In 1885, a private park was built on the west side of Little Rock and by 1893, baseball became a popular attraction at the park, which was known simply as West End Park. So in 1894, a baseball field and grandstand was built on the property, and it became the premier baseball park in the city.
The original ballpark featured a fair-sized wooden grandstand –probably the best ever built in the state at the time. The park seated somewhere in the range of 1,500 to 2,000 spectators and was bordered by 14th, 16th and Park streets.
The first professional team to call West End Park home was the 1894 Little Rock team in Arkansas State League. The league was comprised of Camden, Hot Springs, Morrilton, Little Rock and at one point, Fort Smith. The league folded in June.
In July of the same year, a particularly notable event took place at West End Park. It was Friday the 13th when the first ever game of night baseball was played in the state of Arkansas. The field was lighted by electric lights, and was “as though played in broad daylight”.
The game was between the “Uncle Joes” and a Little Rock team known as “Rose City”, the latter winning by a score of 6-4. In addition, the game was probably one of the very first night games played in the south, and the next in Arkansas wasn’t for another 36 years.
A whole new kind of baseball came to West End Park the next year in 1895. Not only did Little Rock’s first fully professional baseball team enter the Southern League, a class B minor league, but as fate would have it, the park also became a major league spring training site. The St. Louis Browns of the National League had planned on holding spring training in Hot Springs, AR, but because of an outbreak of small-pox in that city, the team decided to train in Little Rock instead.
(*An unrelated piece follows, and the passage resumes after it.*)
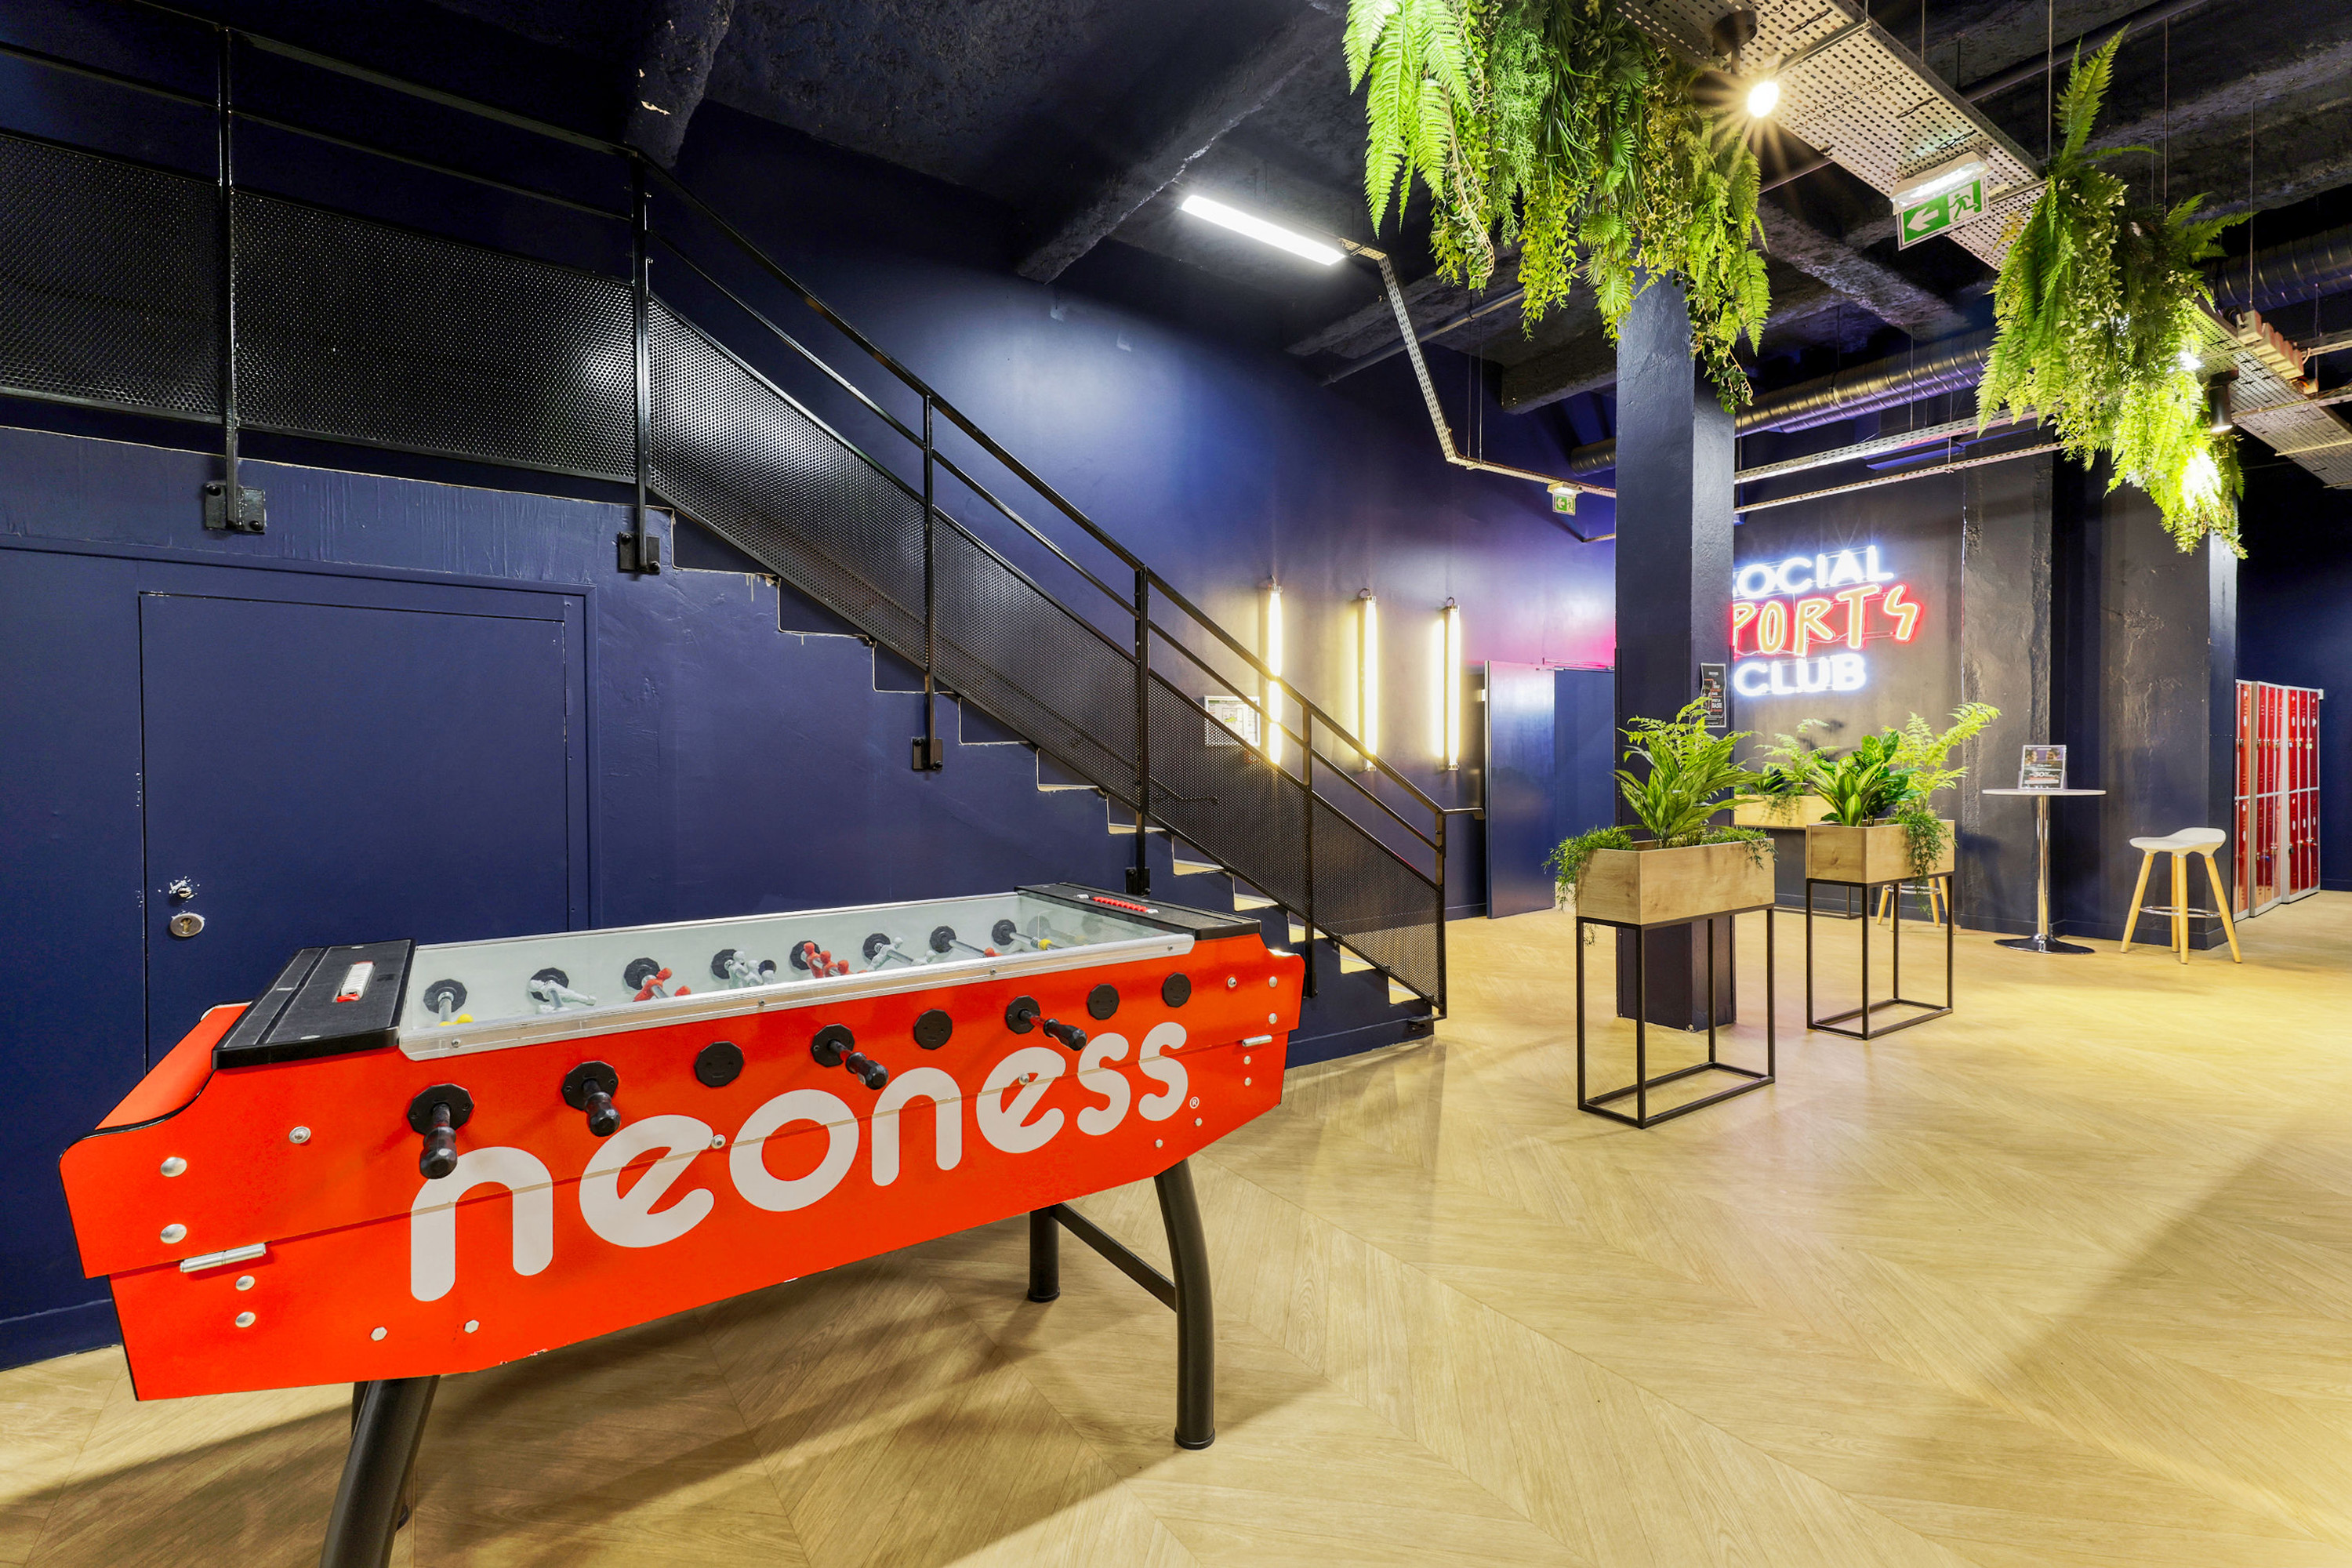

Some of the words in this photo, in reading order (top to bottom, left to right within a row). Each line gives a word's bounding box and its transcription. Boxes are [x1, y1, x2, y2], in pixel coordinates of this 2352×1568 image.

[1732, 546, 1894, 598] OCIAL
[1733, 585, 1918, 656] PORTS
[1733, 653, 1867, 696] CLUB
[411, 1022, 1189, 1301] neoness
The Browns trained at West End Park, playing numerous exhibition games against the Little Rock Travelers, as the city's new team was called. Naturally, the Browns won the majority of the exhibitions. St. Louis had less luck following their departure of the Little Rock though, going 39-92, 11th worst in the National League.
The Little Rock Travelers didn’t do much better than the Browns though. The team won only 25 games while losing 47, dropping out of the league in July during mid-season.
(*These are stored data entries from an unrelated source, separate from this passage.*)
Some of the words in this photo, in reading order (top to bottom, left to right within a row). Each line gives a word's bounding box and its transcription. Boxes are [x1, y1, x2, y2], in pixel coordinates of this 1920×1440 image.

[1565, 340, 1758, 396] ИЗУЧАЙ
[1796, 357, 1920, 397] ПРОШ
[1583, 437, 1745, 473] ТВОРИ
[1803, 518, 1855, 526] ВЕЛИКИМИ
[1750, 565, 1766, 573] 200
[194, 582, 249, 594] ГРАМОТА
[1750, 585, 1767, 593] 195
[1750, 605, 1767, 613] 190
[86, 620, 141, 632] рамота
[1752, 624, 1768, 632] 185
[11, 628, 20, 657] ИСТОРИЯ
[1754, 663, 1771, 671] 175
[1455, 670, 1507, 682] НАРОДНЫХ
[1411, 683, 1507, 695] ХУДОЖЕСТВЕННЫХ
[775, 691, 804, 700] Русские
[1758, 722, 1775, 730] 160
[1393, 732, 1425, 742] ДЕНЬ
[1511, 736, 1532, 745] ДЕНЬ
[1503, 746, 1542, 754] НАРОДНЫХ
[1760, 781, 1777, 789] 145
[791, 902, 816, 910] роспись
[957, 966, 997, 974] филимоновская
West End Park’s next professional tenant came two years later when Little Rock joined the second incarnation of the Arkansas State League. In 1898, Little Rock had a team in the Southwestern Association. The same year, major league baseball returned to West End Park when the Pittsburgh Pirates held spring training in Little Rock.
The Little Rock Travelers once again joined the Southern League in 1901, the first fully professional team to call West End Park home in 6 years. They continued to play there for 9 seasons before moving to Chattanooga following the 1909 season. During that time, they never won a league championship.
In 1907, the Boston Red Sox decided to hold spring training at West End Park, and it must have been a successful spring because the team returned again in 1908 for a second year. Among the players to practice in Little Rock included the great Hall of Fame pitcher Cy Young.
In exchange for the use of West End Park in 1908, the Red Sox traded a young ballplayer named Tris Speaker to the Travelers. Speaker went on to hit .350 for the Travelers before being repurchased by the Red Sox. He went on to play 22 seasons in the majors and was inducted into the Hall of Fame in 1937.
Boston did not return for a third year of spring training in 1909. So 14 years after they originally practiced in Little Rock, St. Louis, by now known as the Cardinals, returned to West End Park where they held spring training from 1909-1910. The Cardinals were led by Rogers Bresnahan, a player-manager later inducted into the Hall of Fame.
Between 1911-1914, little occurred at West End Park. The St. Paul Saints, a AA minor league team, held spring training there in 1912, but otherwise, the park was only used by amateur and semi-pro teams. That changed in 1915, when the Little Rock Travelers were admitted to the Southern League for a third time.
In bringing professional baseball back to Little Rock, it was agreed that a new ballpark must be built, because West End Park’s grandstand was in poor condition. So, in spring of 1915, the original grandstand was razed, and a new 3,500-seat wooden grandstand was built at the park. The diamond was set back to make the field larger, allowing a quarter mile track to be placed within the property.
The principal person responsible for Little Rock’s return to professional baseball was Judge William M. Kavanaugh, who was a native of Little Rock and the president of the Southern League since 1903. He helped secure Little Rock a place in the league, but before the season ever started, he died suddenly on February 21st, 1915 at age 49.
After what was the greatest funeral Little Rock had ever seen, the city decided to name the new ballpark in Kavanaugh’s honor. On April 13th, West End Park reopened as Kavanaugh Field.
The Little Rock Travelers played at Kavanaugh Field for next 17 years, but never won a league championship. They came close in 1920, but lost in the final rounds. More than 165,000 people showed to watch the Travelers that season, a franchise record that stood until 1951.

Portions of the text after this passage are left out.